Keep Calm

Oct 23, 2012 18:05

I don't know why I keep reading about the problem of homelessness in this country. If people can't afford their homes in the city, why don't they just move to their summer houses?

This is basically a screed about a poorly-framed headline on the CNBC website yesterday.  Men Better at Saving for Retirement Than Women: Report.

Yes, isn't it just shocking how a group of people who tend to be paid less and bear a larger share of the burden of childrearing and homemaking put less money into the piggy bank than the better-paid gender?

The study is actually from Scottish Widows plc, which despite its colorful name is a subsidiary of the Lloyds Banking Group, better known as the venerable Lloyds of London. Scottish Widows began as a life assurance (what we call insurance) firm in 1815, and currently offers savings accounts, investments, and pension funds. Scottish Widows uses the image of a very attractive young lady in a black hooded cloak, representing her bereavement, with a red satin lining, representing - oh, hell, you don't have to be Fellini to figure this out. Just bear in mind the risk of comforting distressed widows.

It's an well-designed brochure, but doesn't go much deeper than, "Women are saving less for retirement than men. They need to save more." Well, duh!

A huge number of people are saving too little for retirement. Might this have something to do with the fact that the median household income has declined significantly in the past decade? Might it have something to do with the fact that Britain is in a double-dip recession? And why is this big news on an American website?

Probably because here in the US, we're not doing any better. The standard of living hasn't declined quite as much thanks to anti-poverty programs like food stamps and earned income tax credit, but the median family income is down 7% over the last ten years.

There are many factors at work here, some if not most of which I only dimly understand. The unhappy part is this: the US is the world's largest economic power. We're like an oil tanker. The only thing that happens quickly to a vessel our size is hitting an iceberg. Like credit default swaps / mortgage bubble / collapse of the banking system icebergs. Every other change of course takes a long, long time.
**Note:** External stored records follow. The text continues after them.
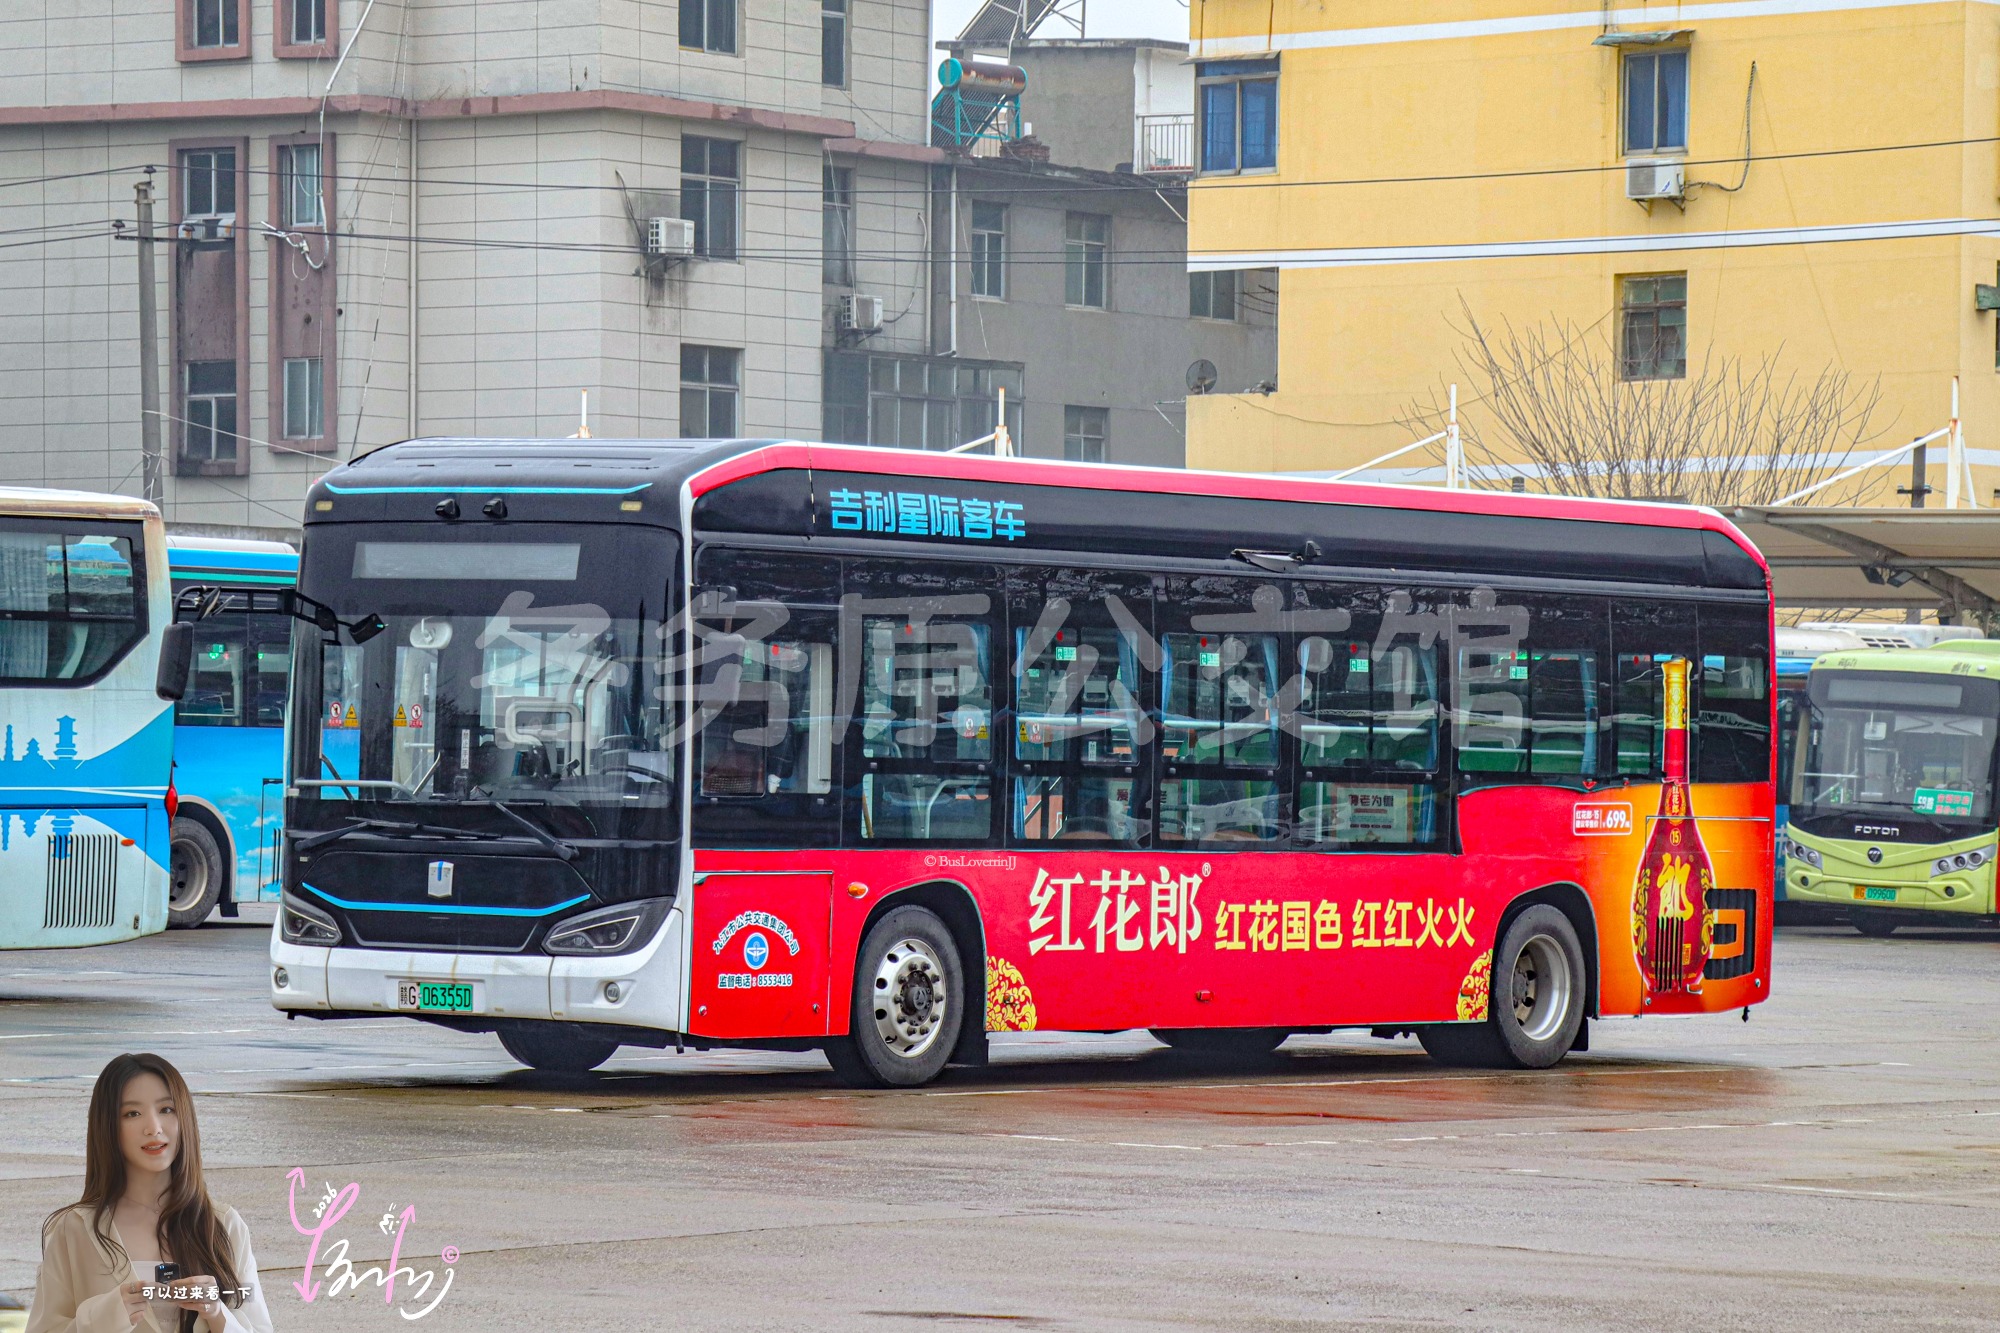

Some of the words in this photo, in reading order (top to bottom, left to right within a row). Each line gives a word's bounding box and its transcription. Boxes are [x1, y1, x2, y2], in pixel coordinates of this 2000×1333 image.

[829, 488, 1026, 541] 吉利星际客车
[1854, 825, 1900, 836] FOTON
[712, 911, 800, 956] 九江市公共交通集团公司
[1214, 898, 1344, 952] 红花国色
[1351, 897, 1476, 949] 红红火火
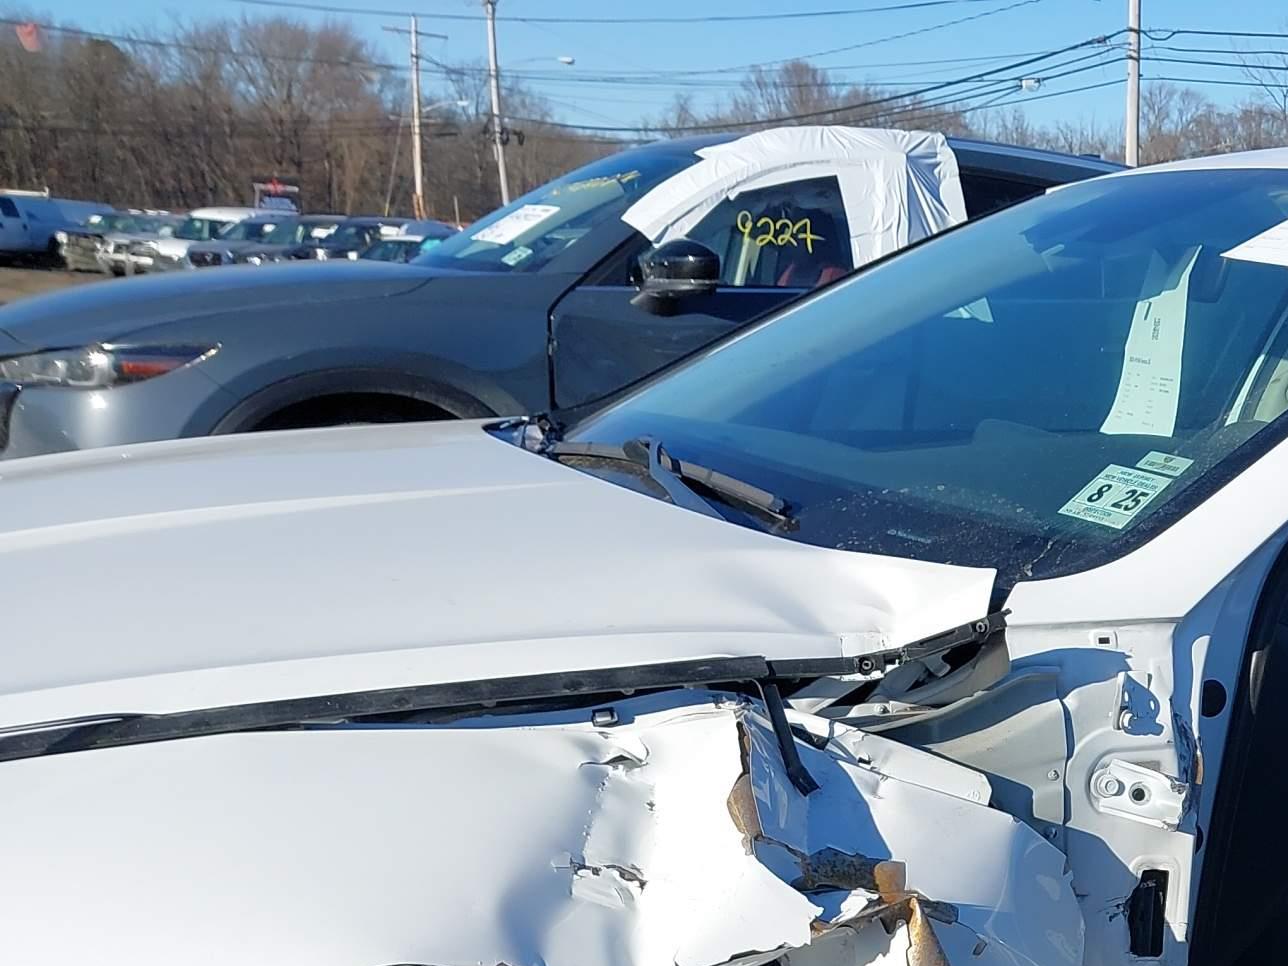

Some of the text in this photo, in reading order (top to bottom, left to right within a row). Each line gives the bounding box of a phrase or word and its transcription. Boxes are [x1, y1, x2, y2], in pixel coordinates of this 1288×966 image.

[736, 210, 825, 254] 9227
[1087, 483, 1150, 511] 8 25
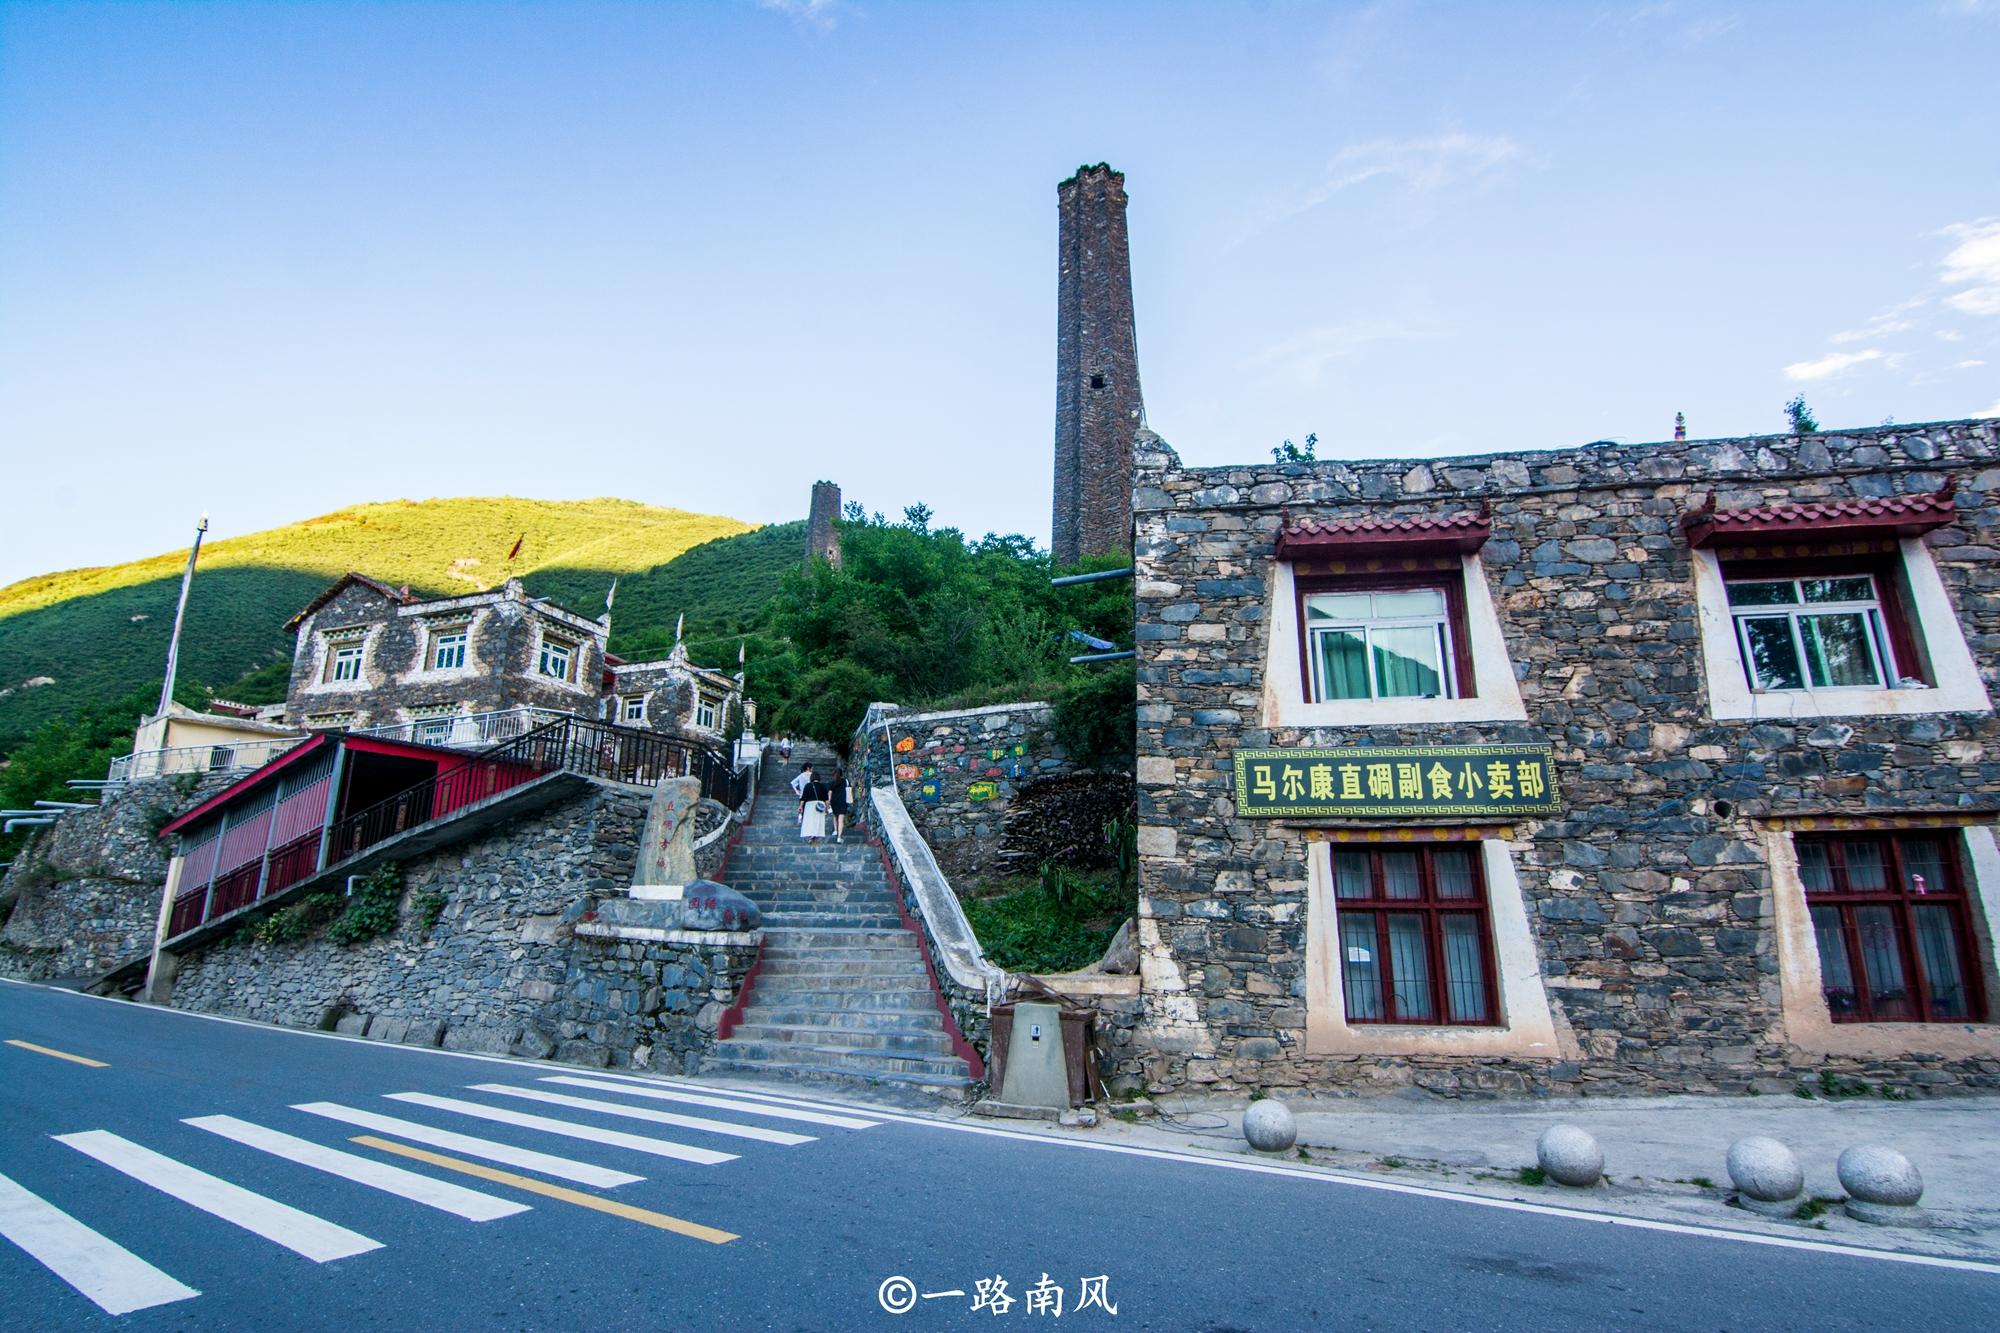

We might get down to 6 percent unemployment by the end of the second Obama administration. Those 12 million new jobs promised by the former one-term unpopular governor of Massachusetts? You know, the ones he mentioned before he said that the government can't create jobs? According to Moody's Analytics, that's how many new jobs they expect will be created by 2016, no matter who sits in the Oval Office. See Forbes for details.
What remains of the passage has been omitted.